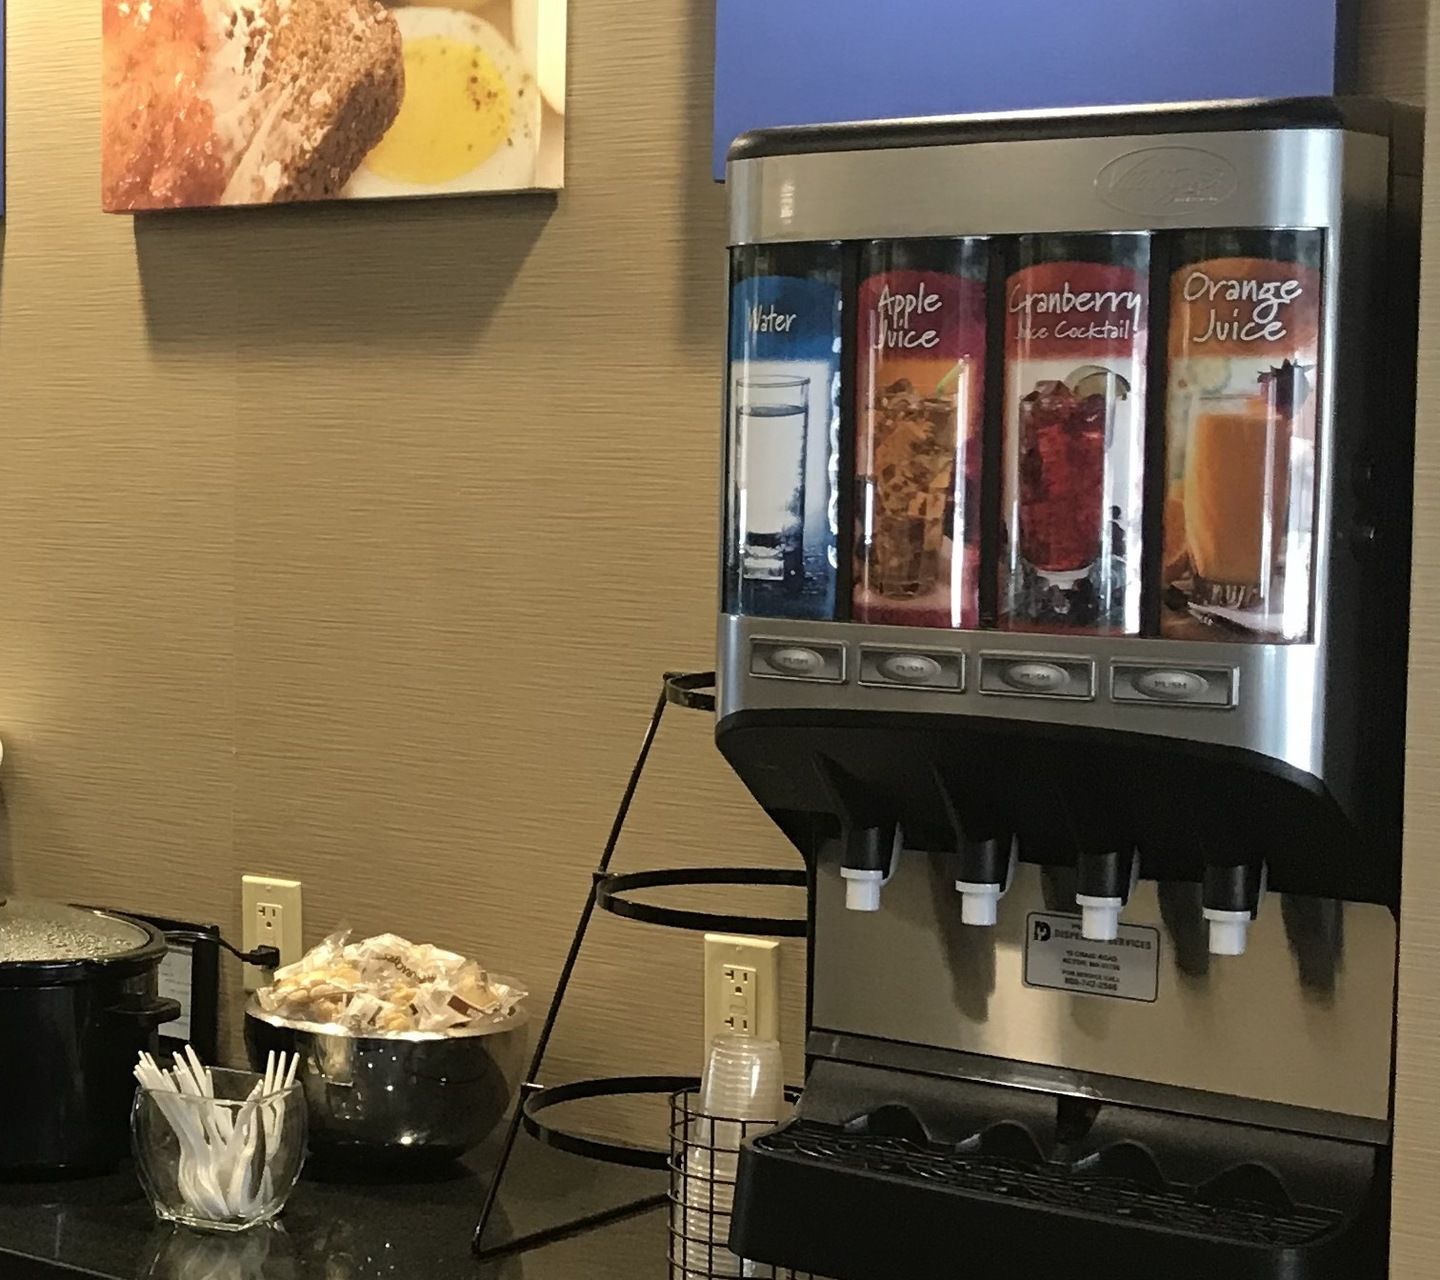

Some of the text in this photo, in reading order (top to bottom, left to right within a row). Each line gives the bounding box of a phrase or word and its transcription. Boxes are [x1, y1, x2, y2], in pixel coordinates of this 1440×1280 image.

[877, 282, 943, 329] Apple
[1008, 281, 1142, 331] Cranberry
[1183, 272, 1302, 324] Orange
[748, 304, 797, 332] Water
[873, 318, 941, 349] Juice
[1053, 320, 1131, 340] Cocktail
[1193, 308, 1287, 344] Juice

:: Task description ::
I'd like the data above duplicated exactly, with no pictures included.

:: Response to this exercise ::
Some of the text in this photo, in reading order (top to bottom, left to right within a row). Each line gives the bounding box of a phrase or word and its transcription. Boxes are [x1, y1, x2, y2], in pixel coordinates of this 1440×1280 image.

[877, 282, 943, 329] Apple
[1008, 281, 1142, 331] Cranberry
[1183, 272, 1302, 324] Orange
[748, 304, 797, 332] Water
[873, 318, 941, 349] Juice
[1053, 320, 1131, 340] Cocktail
[1193, 308, 1287, 344] Juice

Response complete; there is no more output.